Could you restate the entries below word for word and leave out the pictures?
*** Data for the task Section Begins ***
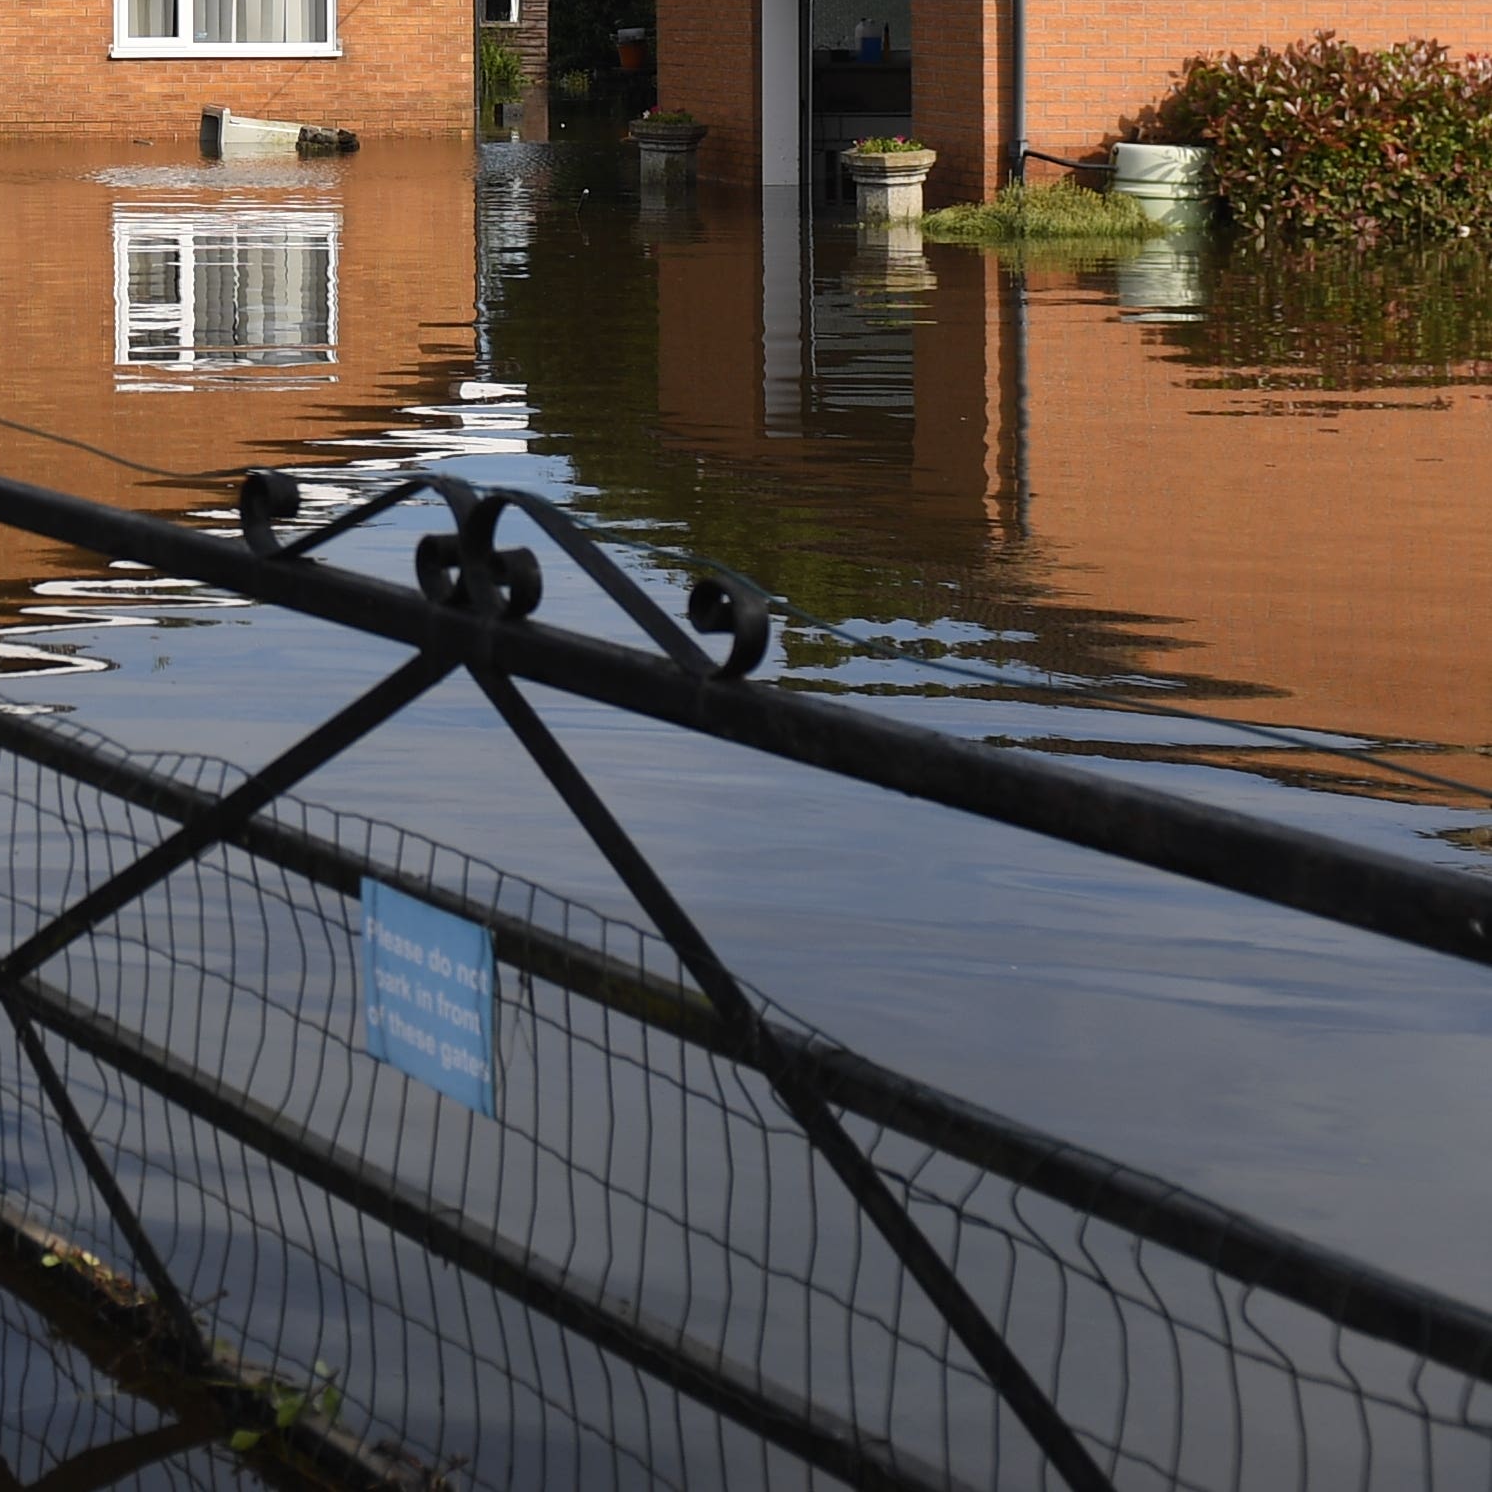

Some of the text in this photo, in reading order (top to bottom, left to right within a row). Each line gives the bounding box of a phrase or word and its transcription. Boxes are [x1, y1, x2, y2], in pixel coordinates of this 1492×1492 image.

[366, 916, 489, 996] Please do not
[367, 1004, 491, 1084] of these gates
[415, 981, 434, 1014] in
[436, 990, 482, 1037] front
*** Data for the task Section Ends ***
* _Written response_:
Some of the text in this photo, in reading order (top to bottom, left to right within a row). Each line gives the bounding box of a phrase or word and its transcription. Boxes are [x1, y1, x2, y2], in pixel coordinates of this 1492×1492 image.

[366, 916, 489, 996] Please do not
[367, 1004, 491, 1084] of these gates
[415, 981, 434, 1014] in
[436, 990, 482, 1037] front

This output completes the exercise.